I recently spent three days assisting a motivational interviewing training in San Francisco with the one and only Steve Berg-Smith. If you ever have a chance to attend a training with this gem of a human being, I highly recommend it! I thought I’d share some of my top takeaways with you…
1. Motivational interviewing (MI) makes known what we already know—the things that have been taught out of us. When I introduce myself at the beginning of a training I often say “I was trained to get in the way of people’s change process.” This is true for many of us.
2. Our job isn’t to get other people to change. Our job is to invite a person to think and talk about a topic they’ve agreed on. We are opening the window and trying not to cause it to shut.
3. Motivational interviewing is grounded in established theoretical models, is evidence-based, and may be the most significant advance in counseling over the last 25 years.
4. MI helps people make well thought out, committed decisions about change and is often thought of as “The Prep Step before Action”. While many practitioners are very skilled at painting, few are skilled at the prep step of scraping. Most of MI is scraping. Long-term change is supported when you go about it incrementally, step by step.
5. Are you listening with your eyes, your eyes, your heart? Do you recognize that your body is in the room? Seventy percent of communication is non-verbal.
6. One word that captures what doesn’t work is fixing. Folks don’t get good at motivational interviewing until they get good at sitting on their hands. To develop proficiency, we have to sidestep a reflex that is very strong: the need to fix things. This strong instinct is sometimes called the “reflex of the heart” because it comes from a well-meaning place. Unfortunately, when the righting reflex is running the show, we are likely doing more harm than good. Behavior change does not respond to an authoritarian voice.
7. Most helping professionals ask closed questions. Open questions increase the odds of the person sharing more with you—they have a bigger yield.
8. MI is a radically different way of thinking and responding. You are not proficient in motivational interviewing until you’ve mastered the skill of reflective listening.

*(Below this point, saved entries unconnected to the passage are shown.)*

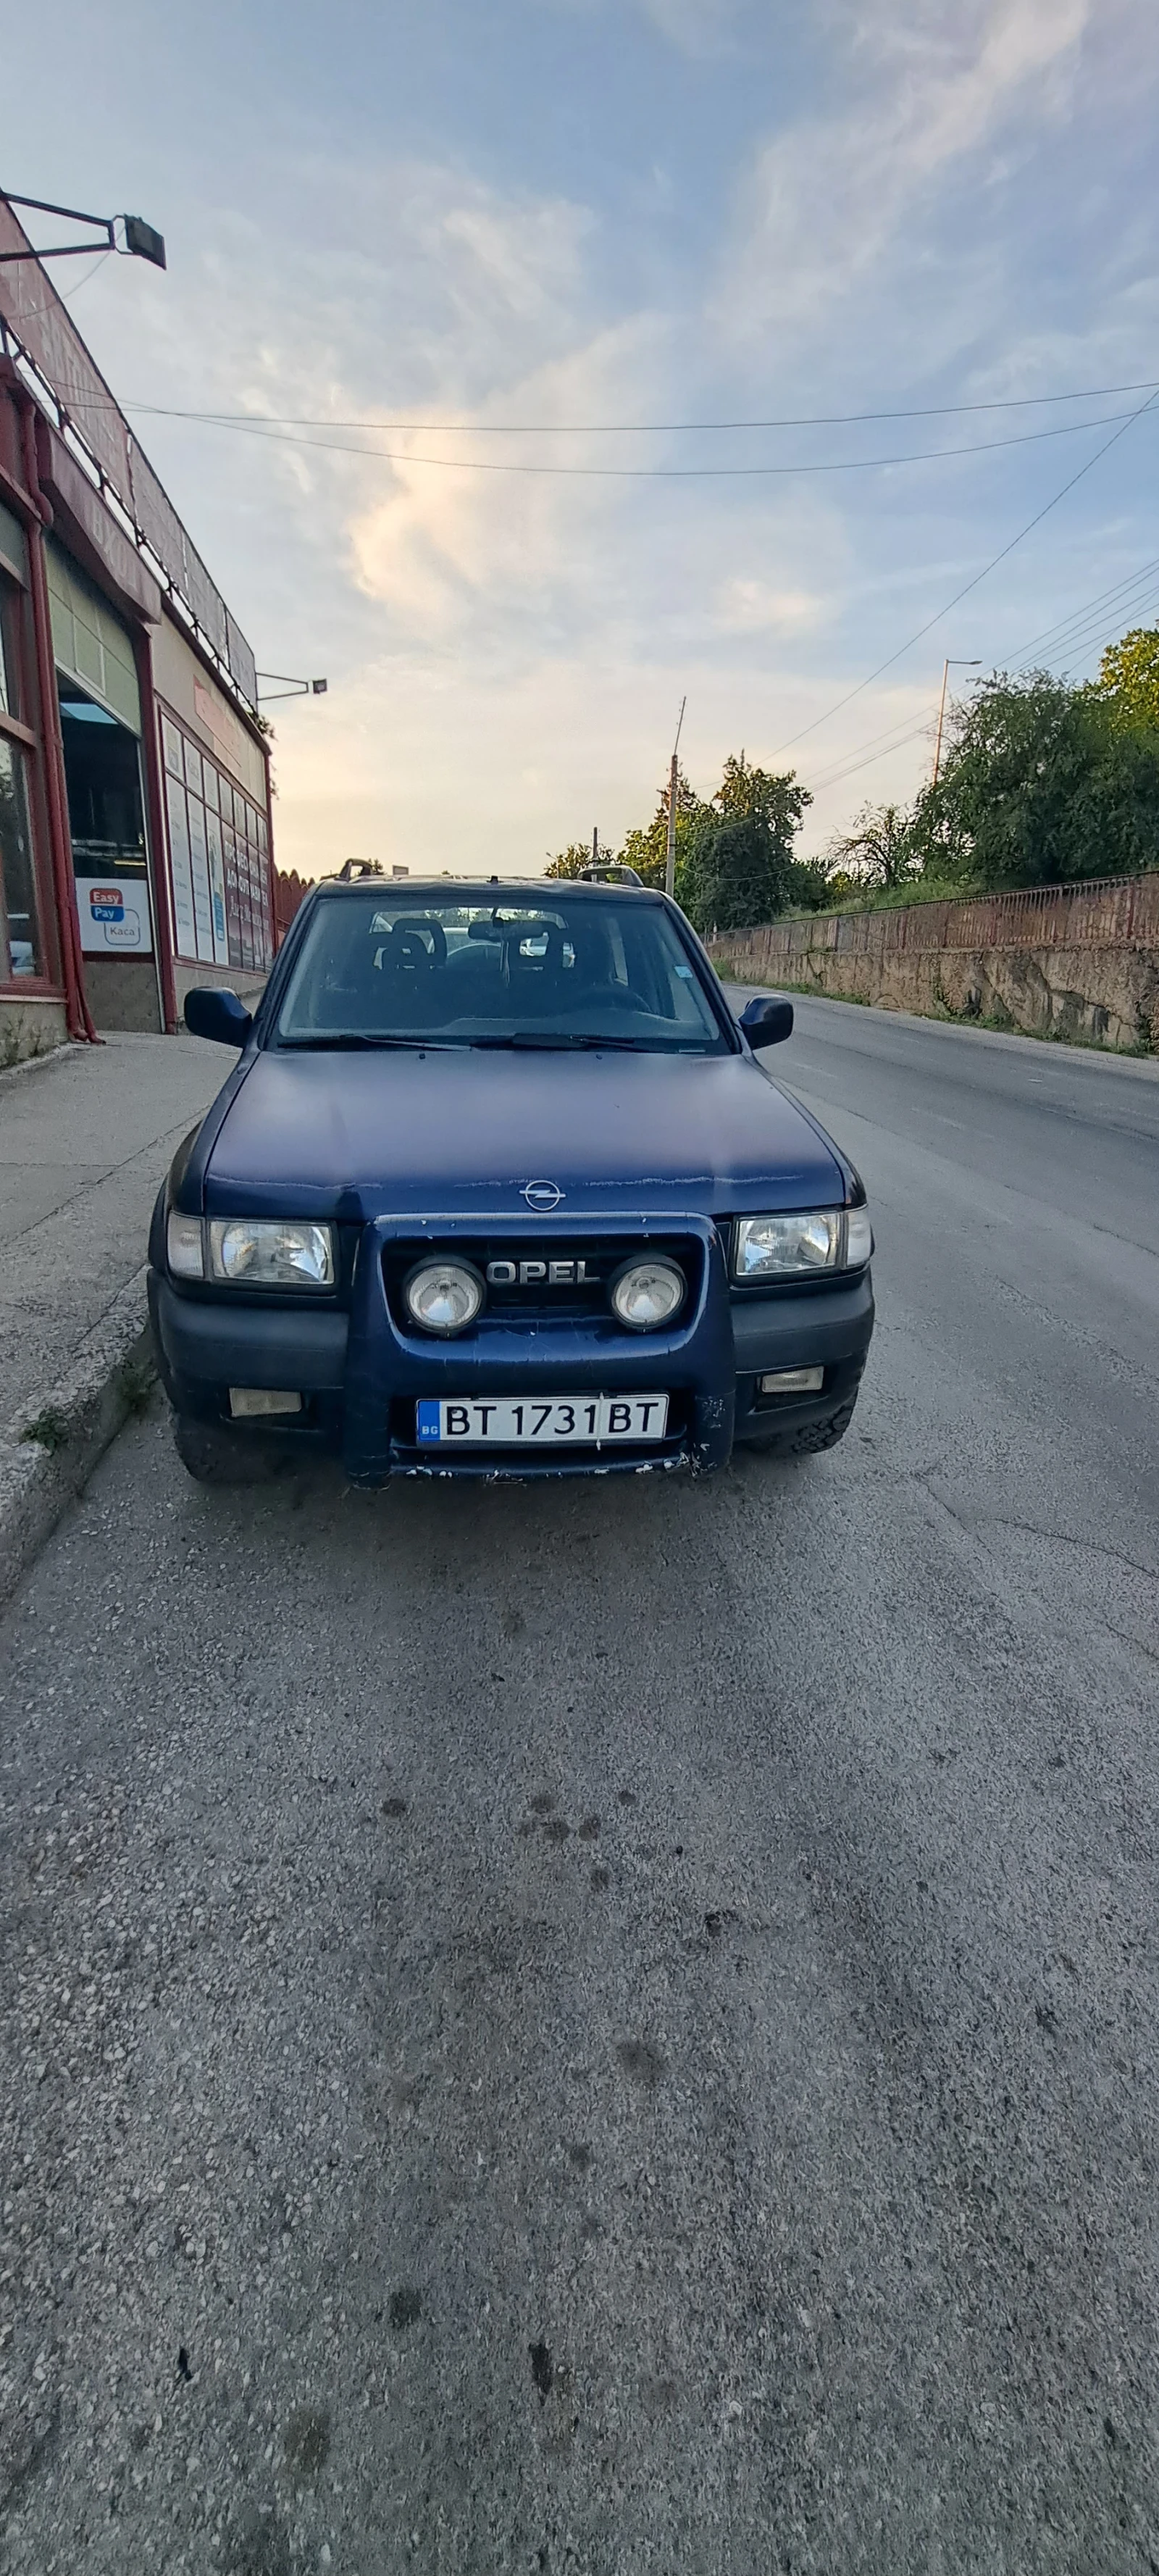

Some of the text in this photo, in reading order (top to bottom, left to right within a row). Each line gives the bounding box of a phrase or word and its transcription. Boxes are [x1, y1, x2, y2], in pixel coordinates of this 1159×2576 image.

[93, 891, 120, 905] Easy
[94, 906, 114, 920] Pay
[110, 927, 135, 936] Каса
[486, 1261, 601, 1284] OPEL
[446, 1402, 659, 1435] BT 1731 BT
[422, 1425, 438, 1435] BG

9. Style is everything! Playing the notes does not mean you are playing the music. You can ask open-ended questions and reflect often and it still doesn’t mean you are competent in motivational interviewing. Your presence—how you hold space with people who are thinking about change—is the most motivating and helpful thing about you. The metaphor of dancing vs. wrestling is often used to describe the spirit of MI.
10. There isn’t a correlation between what people know and what they do. Most health care providers are trained to believe that knowledge is what changes behavior. If this were true, we’d live in a pretty amazing world.
11. Give clients the good lines! People are influenced by what they hear themselves say, not by what others say to them. If you are the only one talking about the reasons change is needed, chances are your clients will only give voice to the reasons not to change. Miller and Rollnick (2013) say, “MI is a particular way of having a conversation about change so that it is the client rather than the clinician who voices the arguments for change.” Reflect the good stuff back to your clients.
12. People learn when they have significant time to reflect. At the end of your visits, ask clients to share what really stands out to them from your conversation. Write what they say down and circle back to it at your next visit.
So there you have it. I’m wondering what stands out to you from the list of “top takeaways” I just shared?
What might you want to focus on in the coming weeks?